Millionen sensible Datensätze in Deutschland hängen heute am selben seidenen Faden: Passwörtern. Was bislang als sicher galt, könnte schon in wenigen Jahren obsolet sein. Der Grund: der rasante Fortschritt bei Quantencomputern. Fachleute gehen davon aus, dass diese Hochleistungsrechner künftig selbst komplexe Verschlüsselungen in sehr kurzer Zeit knacken können. Für Verwaltungen, Banken und Unternehmen beginnt damit ein Wettlauf gegen die Zeit.
Kommunale Spitzenverbände warnen vor einem „riesigen Wettlauf gegen die Hacker“. Die Bedrohung gehe längst über klassische Datendiebstähle hinaus. Immer häufiger zielten Angriffe darauf ab, ganze Systeme lahmzulegen und das Vertrauen in staatliche Strukturen zu erschüttern. Besonders alarmierend: In vielen Verwaltungen ist die digitale Sicherheit noch lückenhaft. Nur ein kleiner Teil nutzt bisher eine Zwei-Faktor-Authentifizierung, die als Mindeststandard gilt.

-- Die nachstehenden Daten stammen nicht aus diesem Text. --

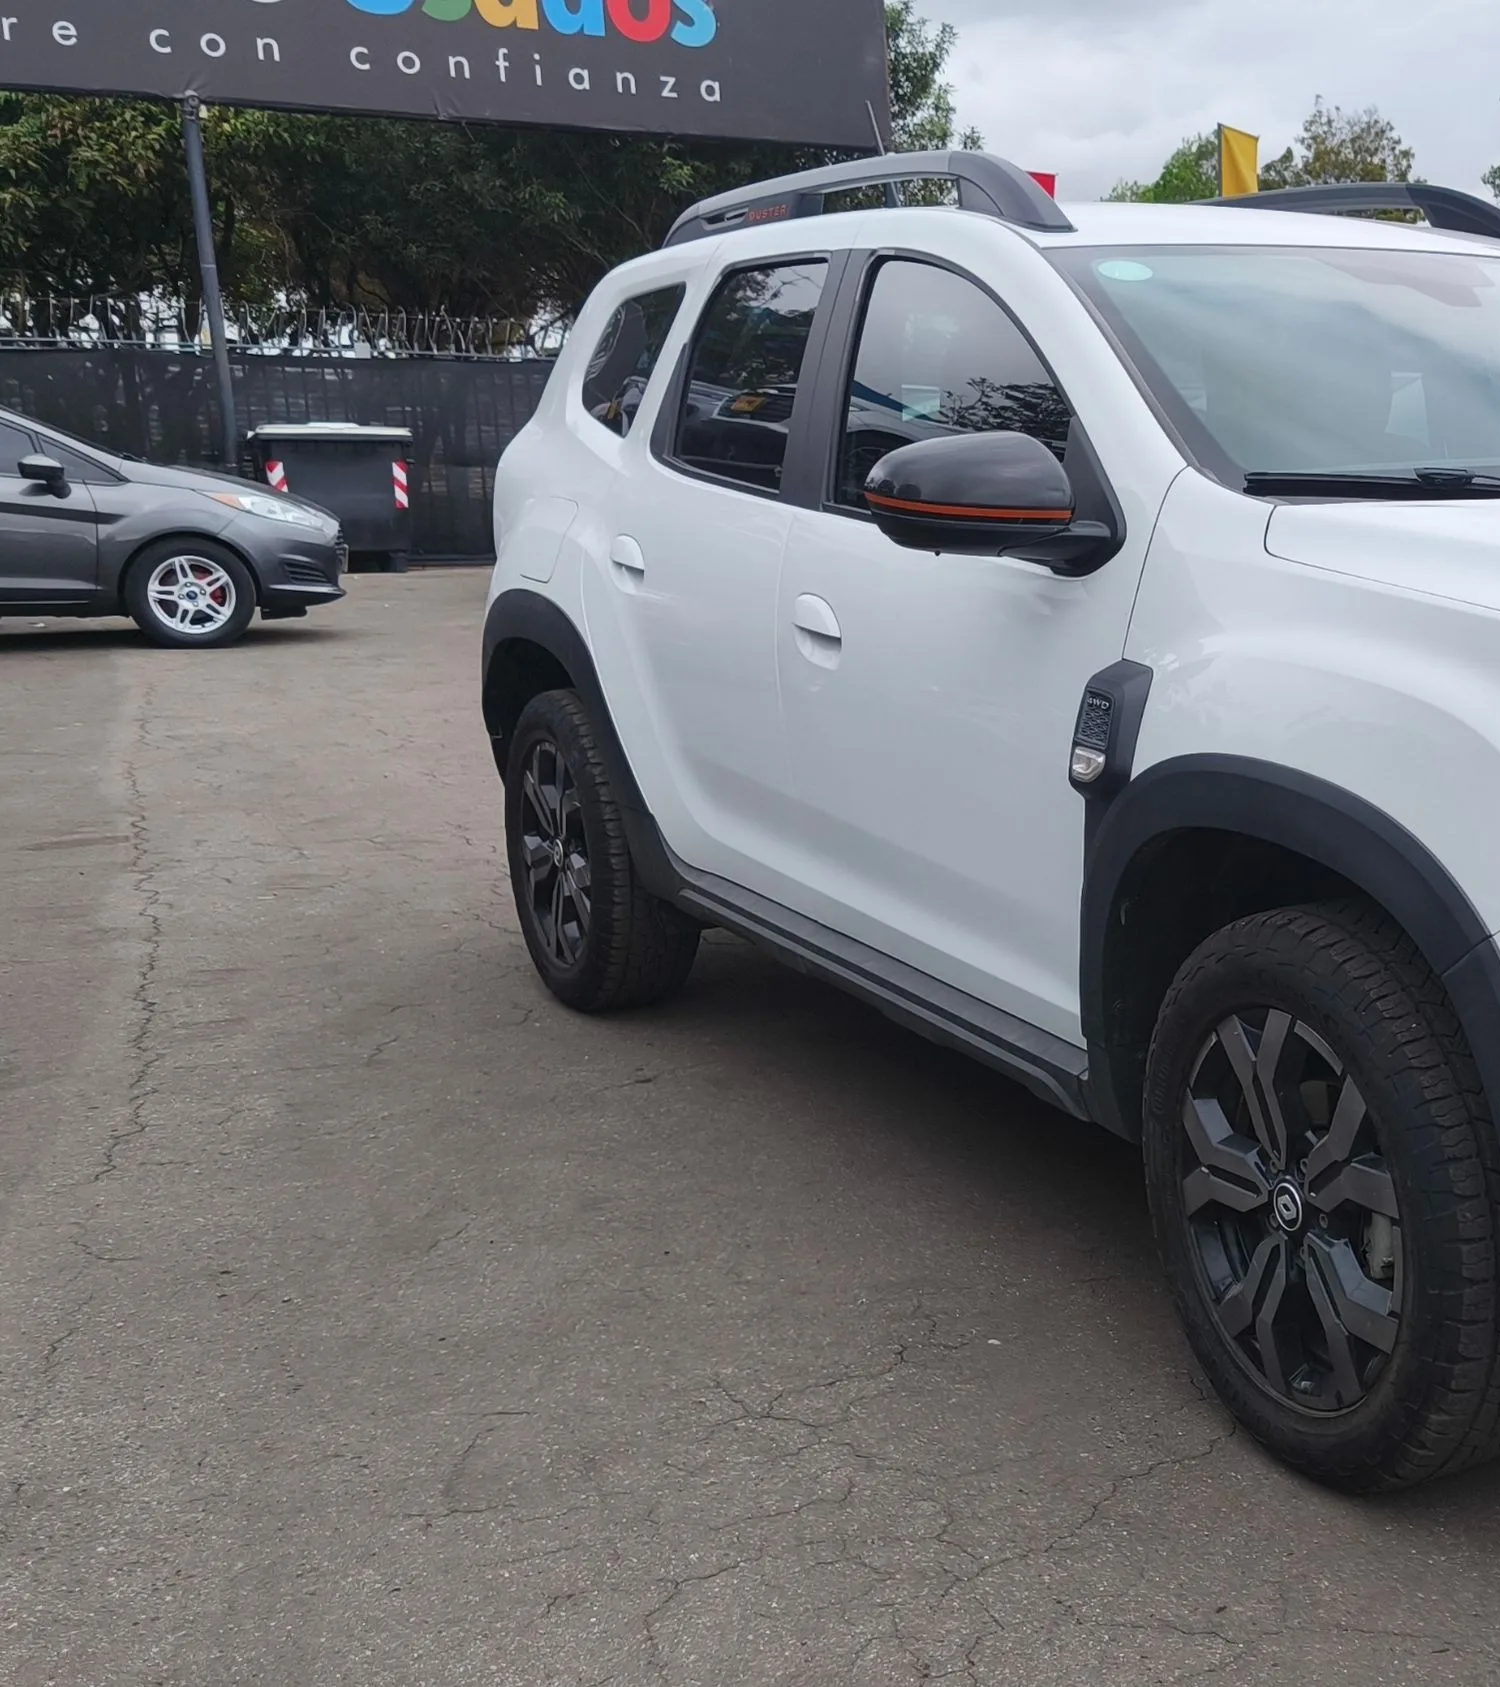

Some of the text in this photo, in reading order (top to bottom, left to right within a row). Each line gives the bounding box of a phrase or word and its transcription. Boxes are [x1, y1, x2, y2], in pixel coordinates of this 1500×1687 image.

Auch auf europäischer Ebene wird der Druck größer. Die Forderung: Bis spätestens 2030 sollen alle sensiblen Systeme auf sogenannte Post-Quanten-Kryptografie umgestellt werden – also Verschlüsselungsverfahren, die auch einem Angriff mit Quantenrechnern standhalten. Geschieht das nicht, droht im schlimmsten Fall ein massenhafter Abfluss von Daten – von privaten Chats über Bankinformationen bis hin zu vertraulichen Behördenakten.
Die Finanzbranche ist bei der Vorbereitung bereits weiter. Dort wird schon jetzt mit neuen Sicherheitskonzepten gearbeitet, um den erwarteten technologischen Sprung der Cyberkriminellen abzufedern. Auch in der Telekommunikation werden erste quantensichere Netze getestet, teilweise sogar im Echtbetrieb. Ziel ist es, nicht nur neue Verschlüsselung einzuführen, sondern ganze Infrastrukturen zukunftsfest zu machen.
Für Unternehmen bedeutet das: Sie müssen jetzt beginnen, ihre IT-Systeme zu überprüfen und schrittweise umzurüsten. Für Verbraucher gilt weiterhin die Basisregel: lange, einzigartige Passwörter verwenden, Updates sofort installieren und wo möglich Zwei-Faktor-Anmeldungen aktivieren.
Der Wandel kommt schneller, als viele erwarten. Was heute noch als sicher gilt, kann morgen schon veraltet sein. Die digitale Welt steht vor einem Umbruch – und wer zu spät reagiert, riskiert den Verlust von Daten, Vertrauen und Kontrolle.